# Diamondback DB9 Range Report



## scubapro

As I indicated in another thread, I picked up a Diamondback DB9 earlier this week while traveling on business in Central Florida. Today, I had the opportunity to stop in at TD'z Discount Firearms in Apopka, FL. The owner of the shop was kind enough to allow me to use his range for a test run with the new DB9.

I've owned and carried a Rohrbaugh R9S daily since early 2005. I was pleased to see that Diamondback was able to engineer a polymer pistol chambered in 9mm at roughly the same size as the R9S. Upon examining the DB9, I found the fit and finish to be excellent. I liked the easy take-down and found the trigger pull quite nice for a DAO pocket pistol. Having real sights on the pistol was a plus -- even though, like most poscket pistols, if used in a self defense situation it will most likely be a "point and pull the trigger until it stops going bang" situation.

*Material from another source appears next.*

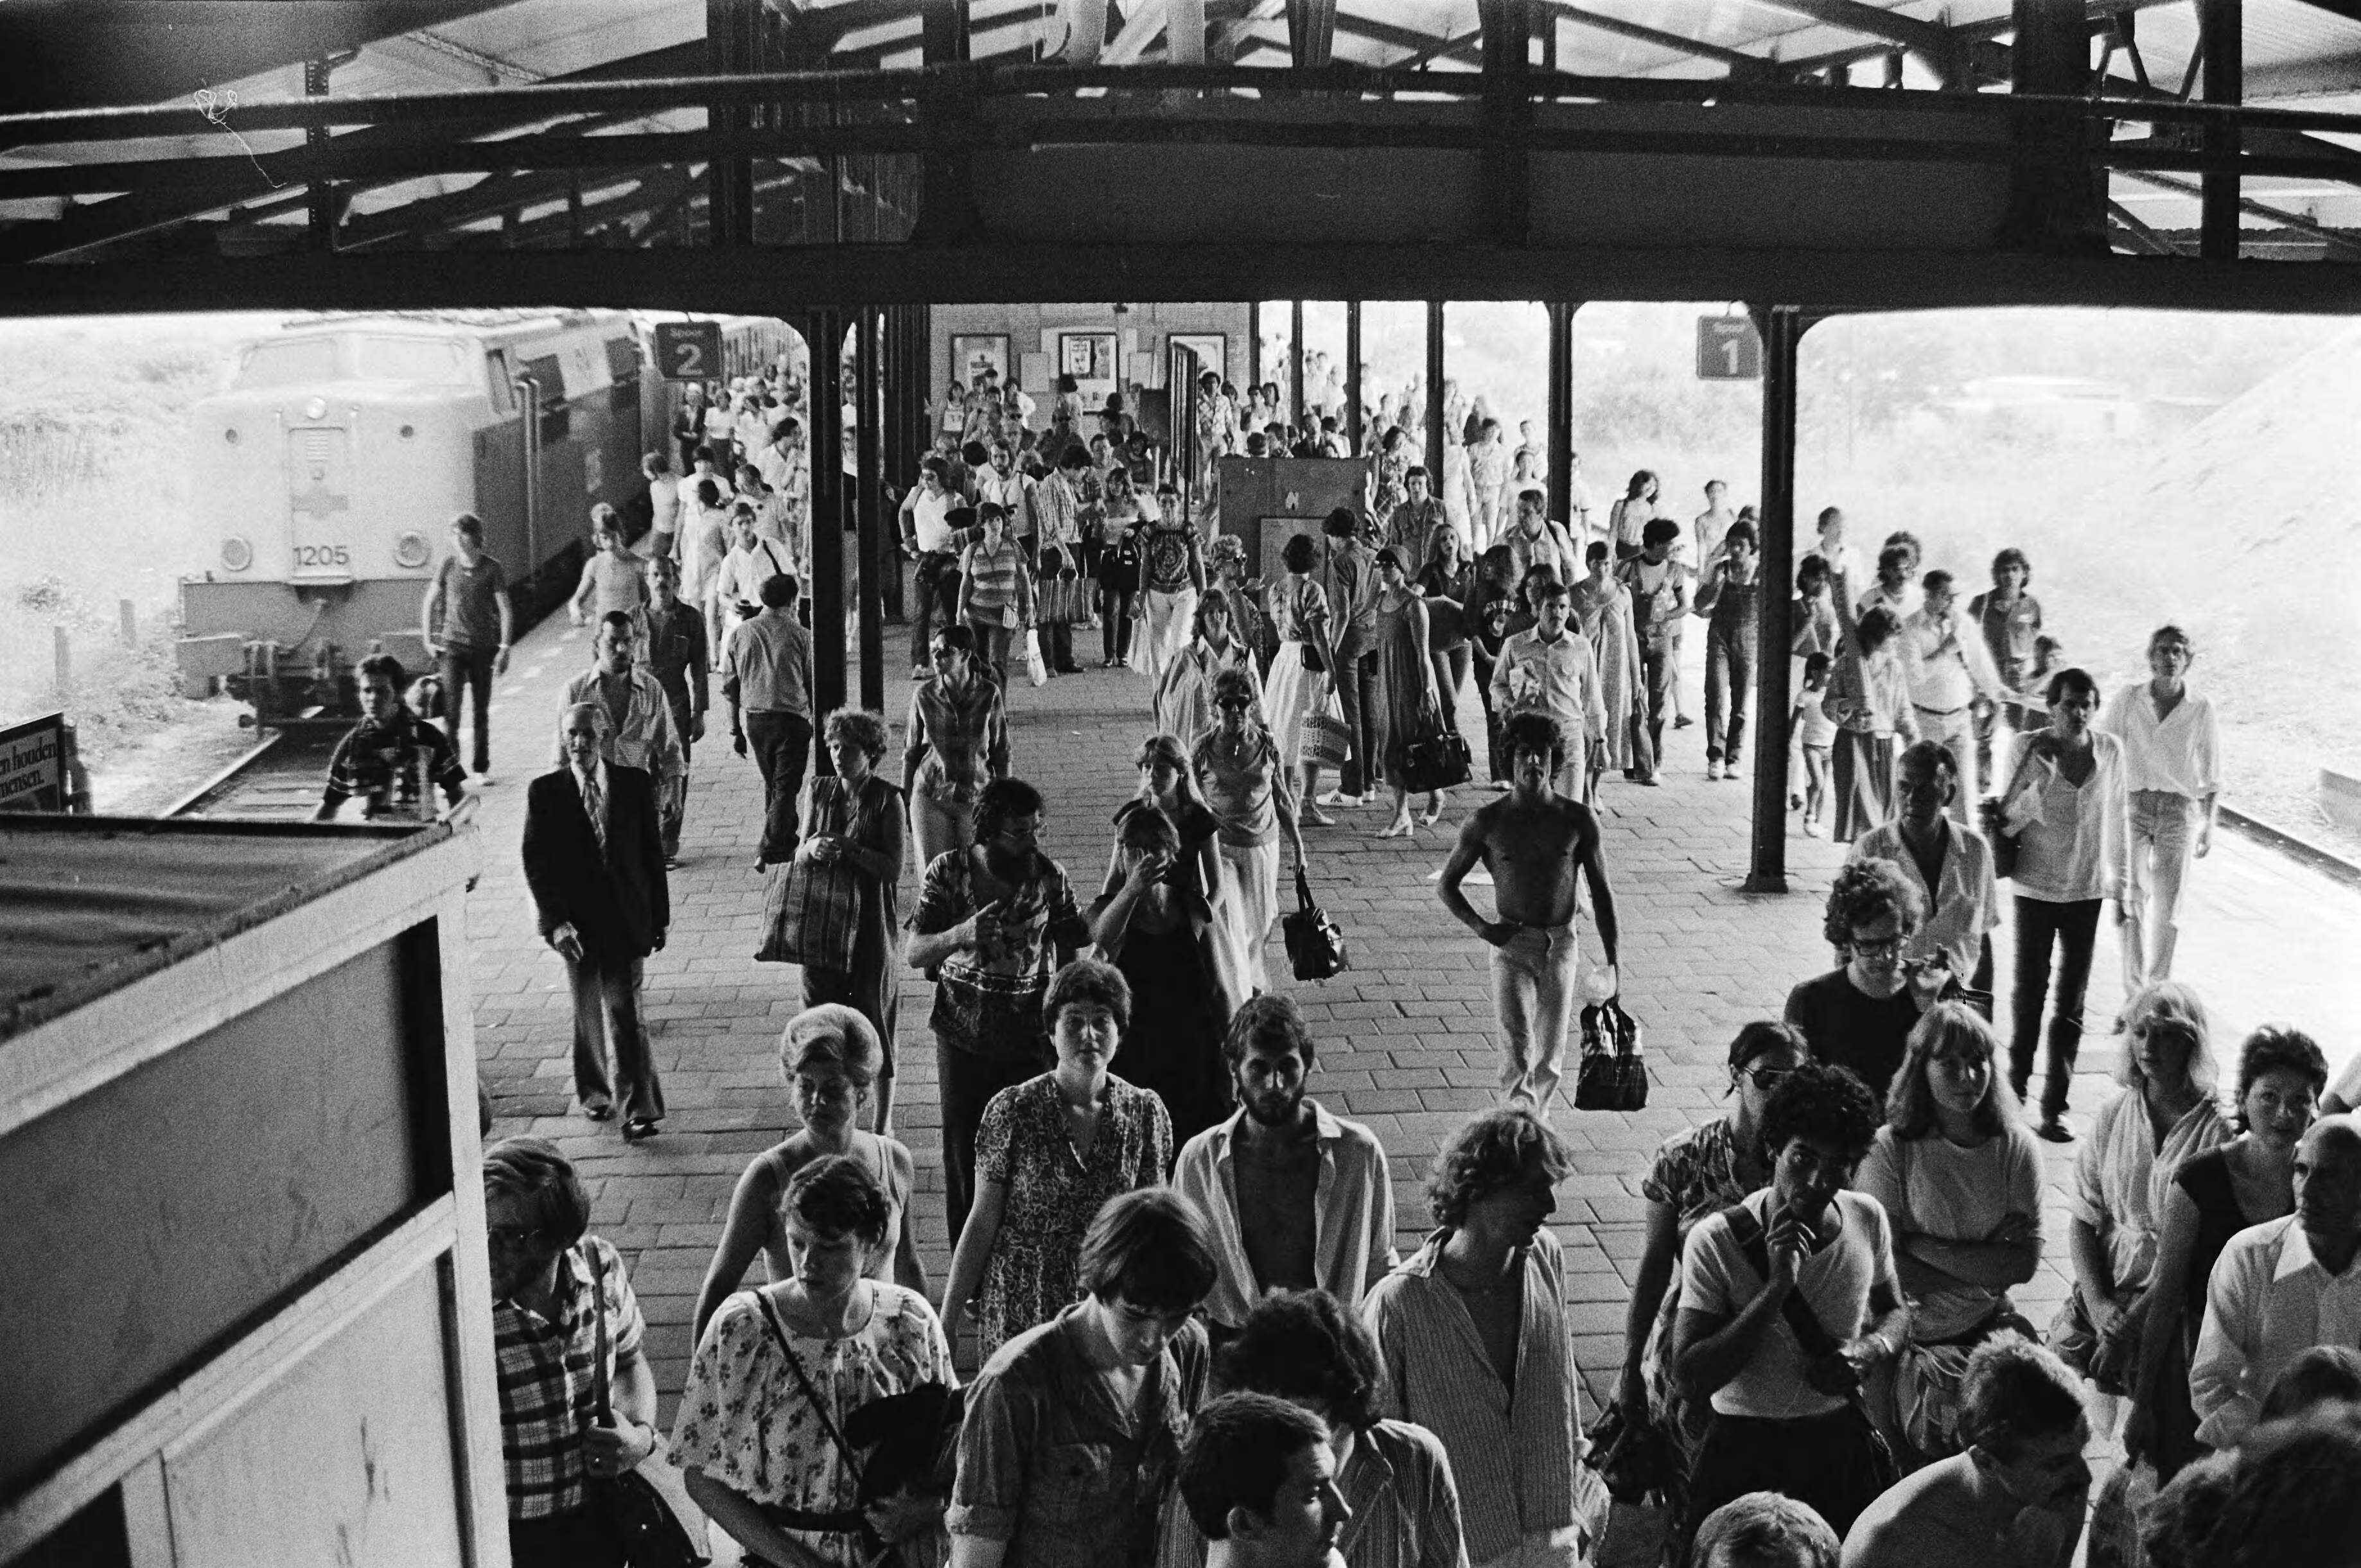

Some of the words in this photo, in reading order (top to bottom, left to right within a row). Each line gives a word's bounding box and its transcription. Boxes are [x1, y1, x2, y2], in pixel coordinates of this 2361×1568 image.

[675, 344, 703, 375] 2
[1722, 339, 1738, 374] 1
[293, 545, 349, 566] 1205
[13, 736, 57, 771] houden

Although the sights look almost identical to those on the DB380, they are different -- so the Trijicon sights out for the DB380 will not work on the DB9 (I confirmed this by phone to Diamondback this afternoon). The rear sight might actually be the same, but I believe that the front sight on the DB380 has one stake, while the DB9 front sight has two stakes. The representative I spoke with at Diamondback indicated that Trijicon sights for the DB9 were in production and should be available soon.

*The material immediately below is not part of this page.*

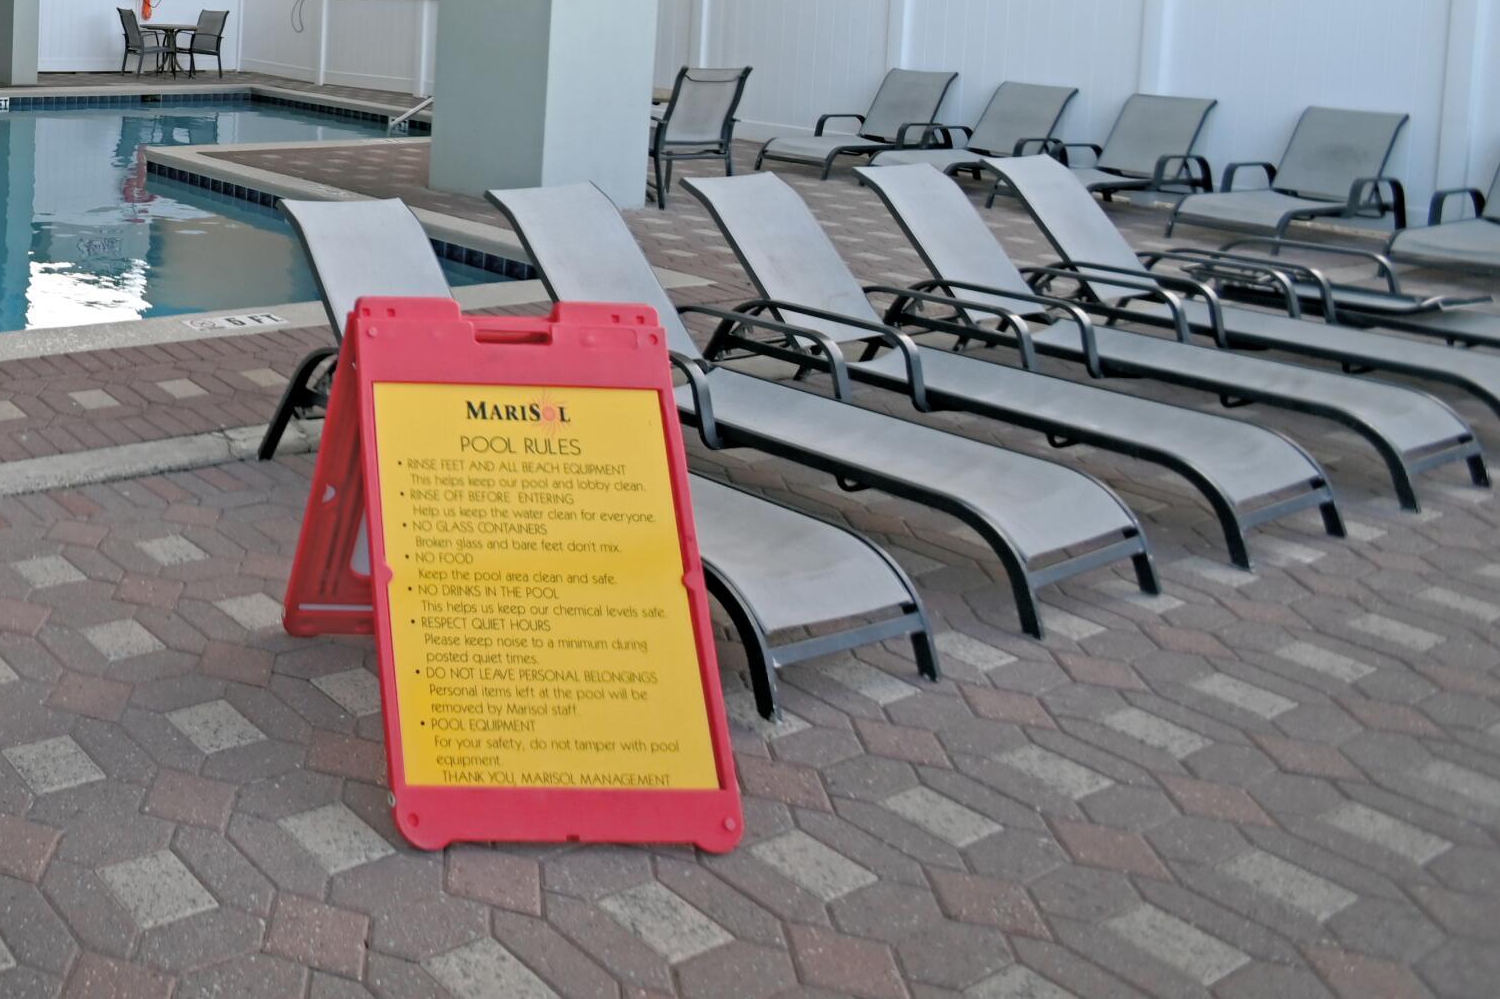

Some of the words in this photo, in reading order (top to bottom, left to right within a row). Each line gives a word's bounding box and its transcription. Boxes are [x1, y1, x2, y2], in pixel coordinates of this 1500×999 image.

For today's test run, I bought 2 boxes of Winchester "White Box" 115gr FMJ ammunition -- 200 rounds. I also had the 20-round box of Hornady 124gr. XTPs that L&R Armory have given me when I bougt the pistol on Monday morning.

TD'z Discount Firearms' range in the back room was used for the session. The pistol was removed from the box and fired in its "as is" condition -- no cleaning, no lubrication, and no tweaking other than what it received at the factory prior to shipment. I stood at the 10 foot mark and fired 100 rounds (the shop owner actually fired a few magazines as well) of the WWB into the target. The first magazine full of ammnition operated flawlessly. As you can see from the picture, the point of impact was only slightly lower than the point of aim on the "X". the grouping was very tight. The pistol is "snappy" to shoot -- but certainly NOT uncomfortable for me. I actually prefer shooting the DB9 over my R9S comfort-wise.










The remaining 94 rounds were fired at the target from 10 feet -- both slow fire and rapid fire. Even with rapid fire, the group was centered and certainly acceptable hits for self defense shooting. During the first 100 rounds fired downrange neither I not the gunshop owner experienced any failures whatsoever -- ZERO.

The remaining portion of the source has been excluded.